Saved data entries
*** Block opens ***
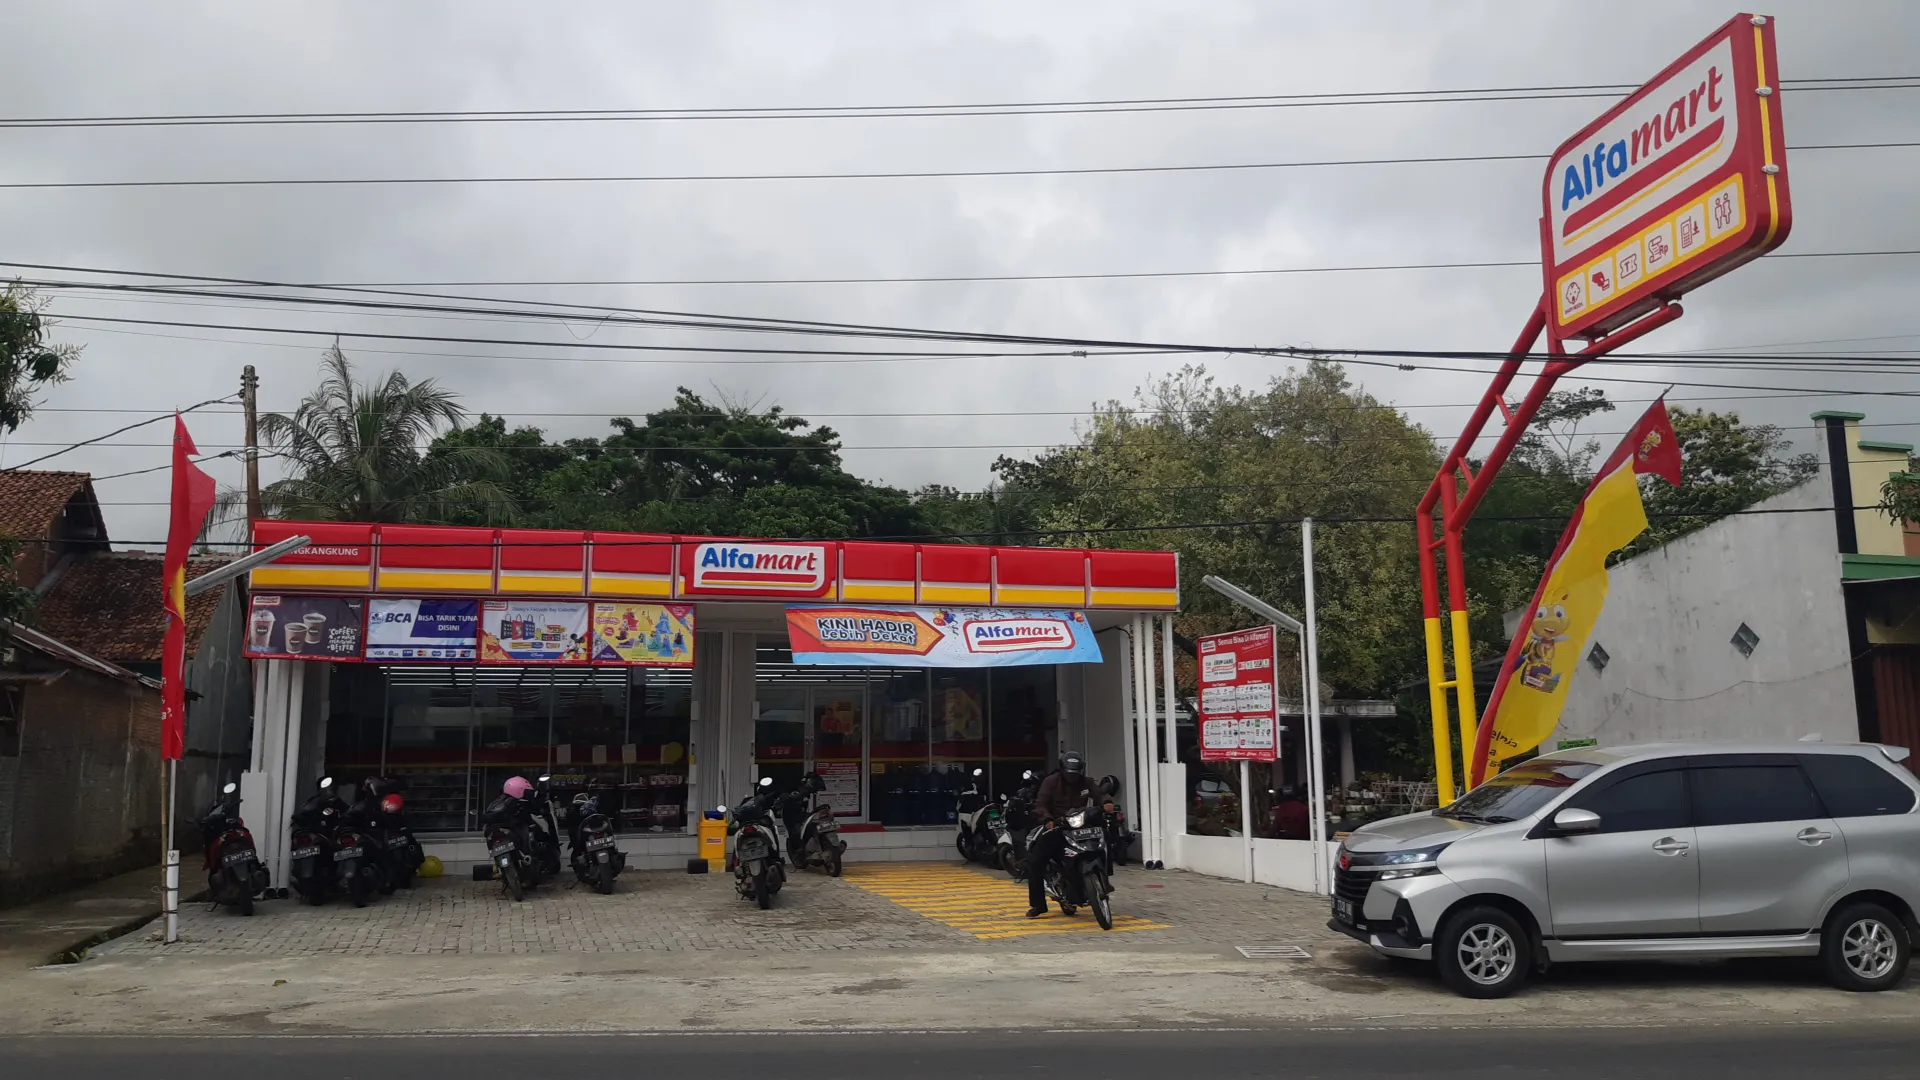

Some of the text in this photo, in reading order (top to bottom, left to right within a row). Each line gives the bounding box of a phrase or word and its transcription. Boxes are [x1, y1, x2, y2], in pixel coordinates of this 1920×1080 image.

[1562, 65, 1723, 211] Alfamart
[701, 547, 817, 571] Alfamart
[385, 613, 412, 623] BCA
[817, 618, 914, 634] KINI HADIR
[975, 626, 1060, 638] Alfamart
[822, 630, 914, 643] Lebih Dekat
*** Block closes ***
About this task: Your answer must be an exact copy of the records, with every picture left out.

Task output:
Some of the text in this photo, in reading order (top to bottom, left to right within a row). Each line gives the bounding box of a phrase or word and its transcription. Boxes are [x1, y1, x2, y2], in pixel coordinates of this 1920×1080 image.

[1562, 65, 1723, 211] Alfamart
[701, 547, 817, 571] Alfamart
[385, 613, 412, 623] BCA
[817, 618, 914, 634] KINI HADIR
[975, 626, 1060, 638] Alfamart
[822, 630, 914, 643] Lebih Dekat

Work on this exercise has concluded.